*** Supplied records Section Begins ***

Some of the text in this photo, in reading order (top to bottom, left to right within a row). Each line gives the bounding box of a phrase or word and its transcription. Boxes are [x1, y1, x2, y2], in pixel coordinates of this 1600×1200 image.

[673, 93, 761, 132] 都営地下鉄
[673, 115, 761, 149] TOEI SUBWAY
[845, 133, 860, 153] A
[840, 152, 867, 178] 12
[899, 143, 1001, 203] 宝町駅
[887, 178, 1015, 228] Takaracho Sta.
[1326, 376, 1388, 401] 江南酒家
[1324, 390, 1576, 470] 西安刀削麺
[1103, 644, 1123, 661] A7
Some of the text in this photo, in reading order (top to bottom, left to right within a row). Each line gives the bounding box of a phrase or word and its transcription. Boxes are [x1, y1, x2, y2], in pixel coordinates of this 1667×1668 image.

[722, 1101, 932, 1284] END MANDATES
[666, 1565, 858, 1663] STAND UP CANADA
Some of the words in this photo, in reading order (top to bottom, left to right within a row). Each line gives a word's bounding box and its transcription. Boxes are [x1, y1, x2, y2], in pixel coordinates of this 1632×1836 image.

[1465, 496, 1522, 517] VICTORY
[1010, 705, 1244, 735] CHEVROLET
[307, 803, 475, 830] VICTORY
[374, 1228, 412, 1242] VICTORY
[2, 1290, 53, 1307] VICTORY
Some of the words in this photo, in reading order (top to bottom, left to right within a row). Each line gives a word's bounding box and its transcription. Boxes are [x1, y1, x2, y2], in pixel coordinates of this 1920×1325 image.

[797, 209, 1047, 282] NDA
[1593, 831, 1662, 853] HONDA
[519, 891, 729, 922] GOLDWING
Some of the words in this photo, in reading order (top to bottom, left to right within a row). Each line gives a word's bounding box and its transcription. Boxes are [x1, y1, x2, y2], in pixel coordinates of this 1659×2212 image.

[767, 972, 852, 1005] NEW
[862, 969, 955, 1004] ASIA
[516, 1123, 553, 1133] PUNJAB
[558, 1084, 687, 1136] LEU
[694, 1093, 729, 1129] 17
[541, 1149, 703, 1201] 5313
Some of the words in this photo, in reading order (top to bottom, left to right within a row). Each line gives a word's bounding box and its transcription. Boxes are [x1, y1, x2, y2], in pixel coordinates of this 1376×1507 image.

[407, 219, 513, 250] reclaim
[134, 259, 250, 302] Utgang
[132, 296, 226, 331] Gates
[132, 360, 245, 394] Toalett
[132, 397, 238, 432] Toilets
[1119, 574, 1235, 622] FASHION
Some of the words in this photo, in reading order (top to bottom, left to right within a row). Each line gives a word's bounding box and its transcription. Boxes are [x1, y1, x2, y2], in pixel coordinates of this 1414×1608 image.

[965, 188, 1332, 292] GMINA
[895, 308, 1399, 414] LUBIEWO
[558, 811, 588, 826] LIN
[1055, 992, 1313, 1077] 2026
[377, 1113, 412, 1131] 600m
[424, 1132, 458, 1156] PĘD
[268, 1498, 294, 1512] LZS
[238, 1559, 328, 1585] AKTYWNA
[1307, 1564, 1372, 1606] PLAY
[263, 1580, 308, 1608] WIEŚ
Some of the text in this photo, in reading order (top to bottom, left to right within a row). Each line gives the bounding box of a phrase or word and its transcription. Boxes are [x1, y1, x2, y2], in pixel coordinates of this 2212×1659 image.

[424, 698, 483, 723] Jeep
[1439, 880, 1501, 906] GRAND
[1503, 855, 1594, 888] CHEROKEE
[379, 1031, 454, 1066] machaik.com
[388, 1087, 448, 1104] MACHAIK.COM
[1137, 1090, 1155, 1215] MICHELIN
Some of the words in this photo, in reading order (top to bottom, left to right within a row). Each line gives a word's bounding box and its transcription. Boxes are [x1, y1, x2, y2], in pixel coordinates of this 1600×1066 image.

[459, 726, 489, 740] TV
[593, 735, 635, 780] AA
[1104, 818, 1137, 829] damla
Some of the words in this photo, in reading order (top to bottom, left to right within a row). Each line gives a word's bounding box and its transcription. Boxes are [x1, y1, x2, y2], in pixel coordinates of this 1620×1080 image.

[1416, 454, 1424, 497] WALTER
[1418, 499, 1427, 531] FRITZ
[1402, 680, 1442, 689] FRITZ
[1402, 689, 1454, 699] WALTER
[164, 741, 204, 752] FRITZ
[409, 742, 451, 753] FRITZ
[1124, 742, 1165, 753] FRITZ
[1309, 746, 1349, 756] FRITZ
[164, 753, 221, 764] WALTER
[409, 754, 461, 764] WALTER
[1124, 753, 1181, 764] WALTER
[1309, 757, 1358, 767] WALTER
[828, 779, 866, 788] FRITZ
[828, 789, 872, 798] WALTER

*** Supplied records Section Ends ***

◆ **Work instructions**: Each entry above is to be set down again in exactly the same words.

◆ **Your response**:
Some of the text in this photo, in reading order (top to bottom, left to right within a row). Each line gives the bounding box of a phrase or word and its transcription. Boxes are [x1, y1, x2, y2], in pixel coordinates of this 1600×1200 image.

[673, 93, 761, 132] 都営地下鉄
[673, 115, 761, 149] TOEI SUBWAY
[845, 133, 860, 153] A
[840, 152, 867, 178] 12
[899, 143, 1001, 203] 宝町駅
[887, 178, 1015, 228] Takaracho Sta.
[1326, 376, 1388, 401] 江南酒家
[1324, 390, 1576, 470] 西安刀削麺
[1103, 644, 1123, 661] A7
Some of the text in this photo, in reading order (top to bottom, left to right within a row). Each line gives the bounding box of a phrase or word and its transcription. Boxes are [x1, y1, x2, y2], in pixel coordinates of this 1667×1668 image.

[722, 1101, 932, 1284] END MANDATES
[666, 1565, 858, 1663] STAND UP CANADA
Some of the words in this photo, in reading order (top to bottom, left to right within a row). Each line gives a word's bounding box and its transcription. Boxes are [x1, y1, x2, y2], in pixel coordinates of this 1632×1836 image.

[1465, 496, 1522, 517] VICTORY
[1010, 705, 1244, 735] CHEVROLET
[307, 803, 475, 830] VICTORY
[374, 1228, 412, 1242] VICTORY
[2, 1290, 53, 1307] VICTORY
Some of the words in this photo, in reading order (top to bottom, left to right within a row). Each line gives a word's bounding box and its transcription. Boxes are [x1, y1, x2, y2], in pixel coordinates of this 1920×1325 image.

[797, 209, 1047, 282] NDA
[1593, 831, 1662, 853] HONDA
[519, 891, 729, 922] GOLDWING
Some of the words in this photo, in reading order (top to bottom, left to right within a row). Each line gives a word's bounding box and its transcription. Boxes are [x1, y1, x2, y2], in pixel coordinates of this 1659×2212 image.

[767, 972, 852, 1005] NEW
[862, 969, 955, 1004] ASIA
[516, 1123, 553, 1133] PUNJAB
[558, 1084, 687, 1136] LEU
[694, 1093, 729, 1129] 17
[541, 1149, 703, 1201] 5313
Some of the words in this photo, in reading order (top to bottom, left to right within a row). Each line gives a word's bounding box and its transcription. Boxes are [x1, y1, x2, y2], in pixel coordinates of this 1376×1507 image.

[407, 219, 513, 250] reclaim
[134, 259, 250, 302] Utgang
[132, 296, 226, 331] Gates
[132, 360, 245, 394] Toalett
[132, 397, 238, 432] Toilets
[1119, 574, 1235, 622] FASHION
Some of the words in this photo, in reading order (top to bottom, left to right within a row). Each line gives a word's bounding box and its transcription. Boxes are [x1, y1, x2, y2], in pixel coordinates of this 1414×1608 image.

[965, 188, 1332, 292] GMINA
[895, 308, 1399, 414] LUBIEWO
[558, 811, 588, 826] LIN
[1055, 992, 1313, 1077] 2026
[377, 1113, 412, 1131] 600m
[424, 1132, 458, 1156] PĘD
[268, 1498, 294, 1512] LZS
[238, 1559, 328, 1585] AKTYWNA
[1307, 1564, 1372, 1606] PLAY
[263, 1580, 308, 1608] WIEŚ
Some of the text in this photo, in reading order (top to bottom, left to right within a row). Each line gives the bounding box of a phrase or word and its transcription. Boxes are [x1, y1, x2, y2], in pixel coordinates of this 2212×1659 image.

[424, 698, 483, 723] Jeep
[1439, 880, 1501, 906] GRAND
[1503, 855, 1594, 888] CHEROKEE
[379, 1031, 454, 1066] machaik.com
[388, 1087, 448, 1104] MACHAIK.COM
[1137, 1090, 1155, 1215] MICHELIN
Some of the words in this photo, in reading order (top to bottom, left to right within a row). Each line gives a word's bounding box and its transcription. Boxes are [x1, y1, x2, y2], in pixel coordinates of this 1600×1066 image.

[459, 726, 489, 740] TV
[593, 735, 635, 780] AA
[1104, 818, 1137, 829] damla
Some of the words in this photo, in reading order (top to bottom, left to right within a row). Each line gives a word's bounding box and its transcription. Boxes are [x1, y1, x2, y2], in pixel coordinates of this 1620×1080 image.

[1416, 454, 1424, 497] WALTER
[1418, 499, 1427, 531] FRITZ
[1402, 680, 1442, 689] FRITZ
[1402, 689, 1454, 699] WALTER
[164, 741, 204, 752] FRITZ
[409, 742, 451, 753] FRITZ
[1124, 742, 1165, 753] FRITZ
[1309, 746, 1349, 756] FRITZ
[164, 753, 221, 764] WALTER
[409, 754, 461, 764] WALTER
[1124, 753, 1181, 764] WALTER
[1309, 757, 1358, 767] WALTER
[828, 779, 866, 788] FRITZ
[828, 789, 872, 798] WALTER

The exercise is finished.